(Image-backed grounding data)
• • •
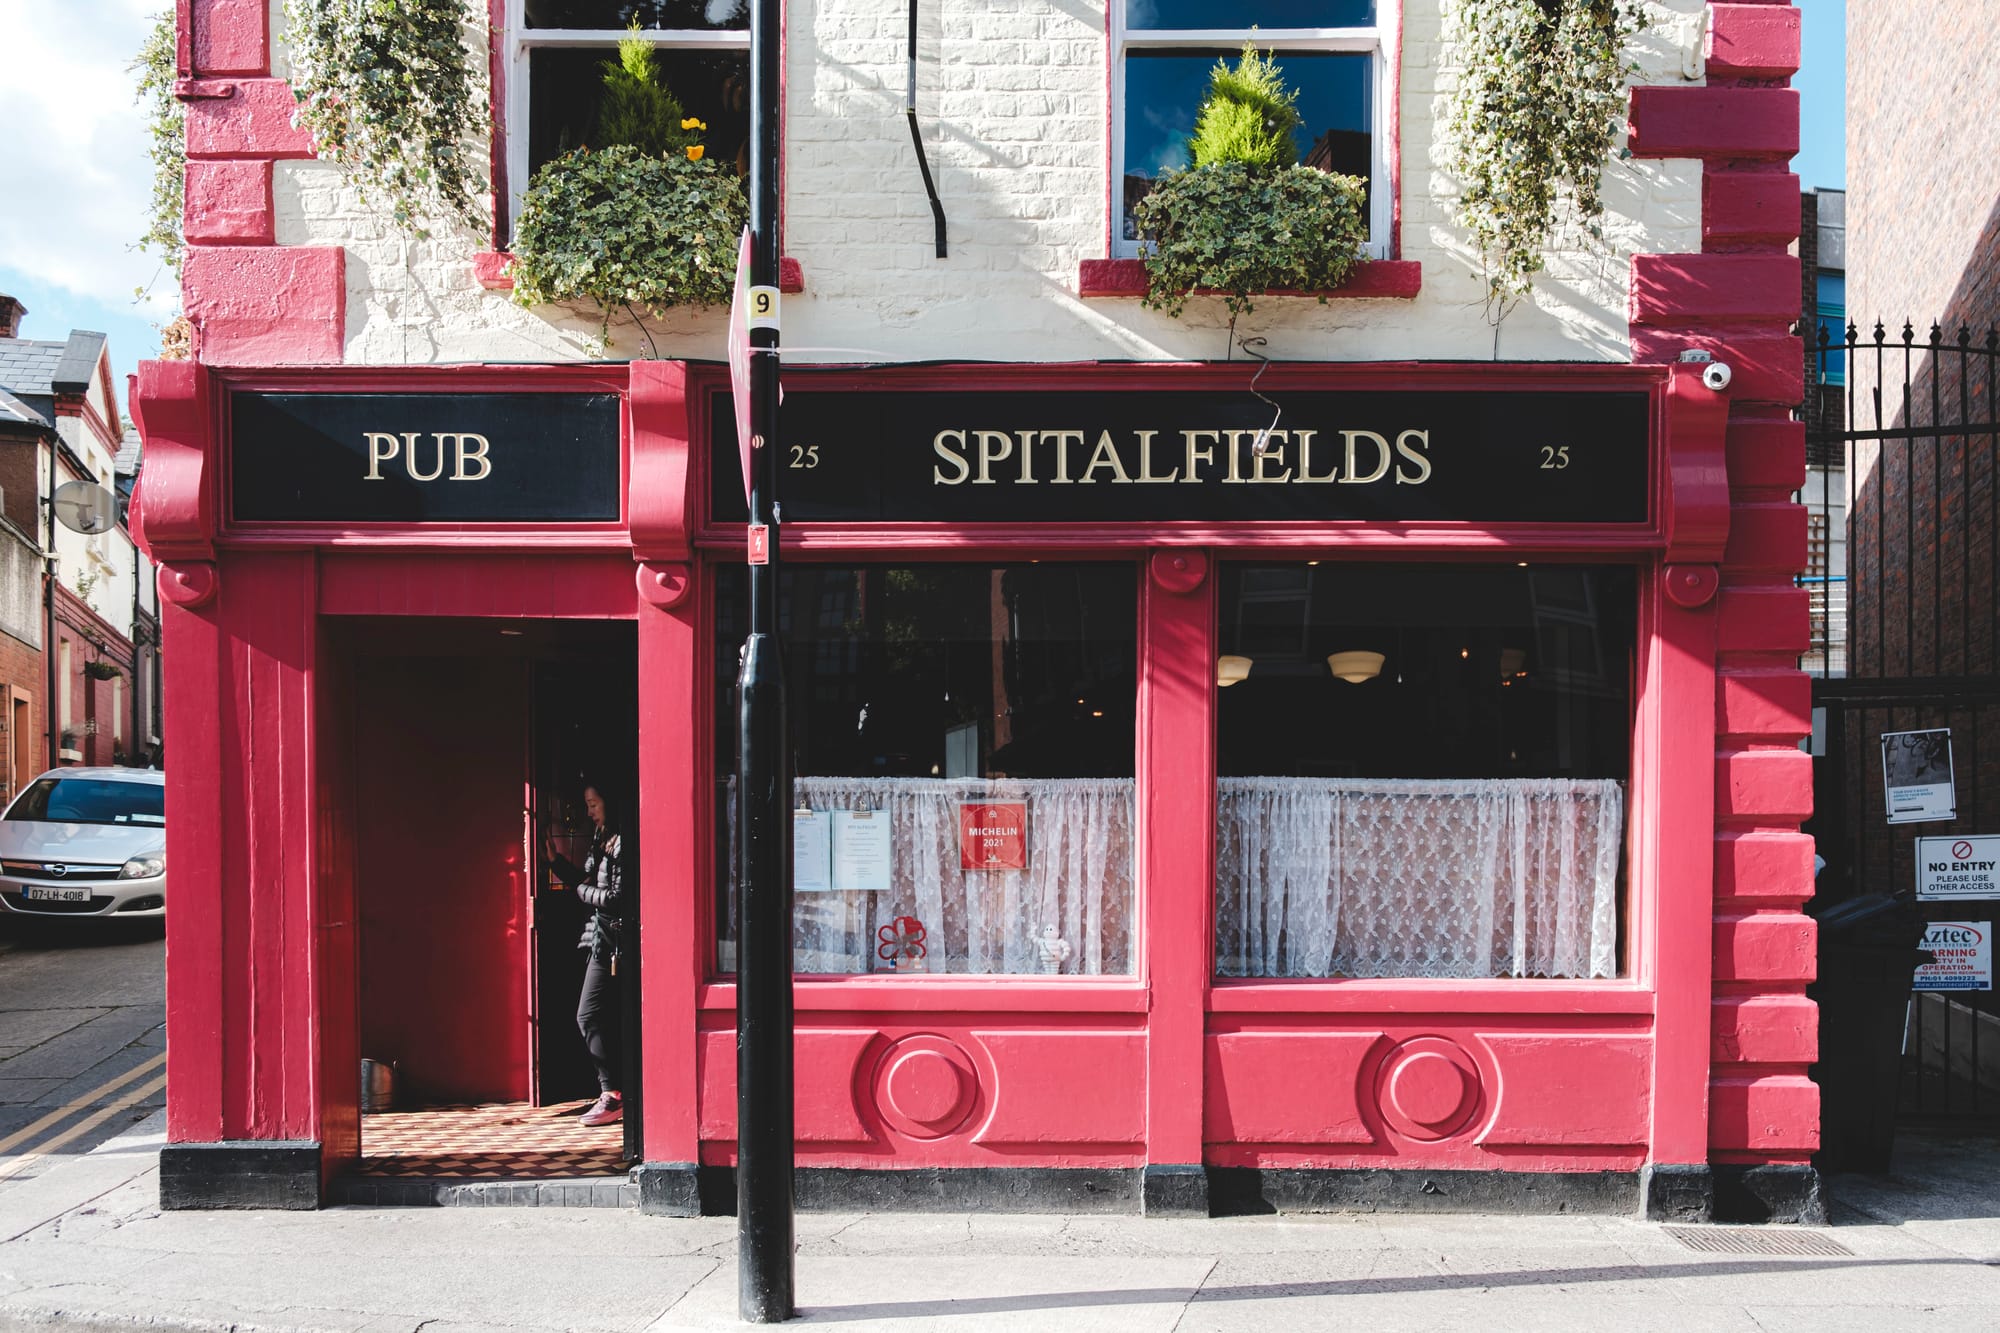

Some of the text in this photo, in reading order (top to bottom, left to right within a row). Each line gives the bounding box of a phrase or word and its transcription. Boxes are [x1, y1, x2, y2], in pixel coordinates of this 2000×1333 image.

[756, 293, 770, 313] 9
[363, 432, 492, 481] PUB
[789, 445, 820, 469] 25
[932, 428, 1432, 486] SPITALFIELDS
[1539, 446, 1570, 470] 25
[968, 826, 1018, 836] MICHELIN
[983, 838, 1004, 847] 2021
[1928, 861, 1996, 872] NO ENTRY
[1936, 874, 1989, 883] PLEASE USE
[1928, 882, 1995, 891] OTHER ACCESS
[31, 889, 84, 901] 07-LH-4018
[1931, 949, 1977, 957] ARNING
• • •
• **Problem**
Repeat the records in full, precisely, and keep the pictures out.

• **Output**
Some of the text in this photo, in reading order (top to bottom, left to right within a row). Each line gives the bounding box of a phrase or word and its transcription. Boxes are [x1, y1, x2, y2], in pixel coordinates of this 2000×1333 image.

[756, 293, 770, 313] 9
[363, 432, 492, 481] PUB
[789, 445, 820, 469] 25
[932, 428, 1432, 486] SPITALFIELDS
[1539, 446, 1570, 470] 25
[968, 826, 1018, 836] MICHELIN
[983, 838, 1004, 847] 2021
[1928, 861, 1996, 872] NO ENTRY
[1936, 874, 1989, 883] PLEASE USE
[1928, 882, 1995, 891] OTHER ACCESS
[31, 889, 84, 901] 07-LH-4018
[1931, 949, 1977, 957] ARNING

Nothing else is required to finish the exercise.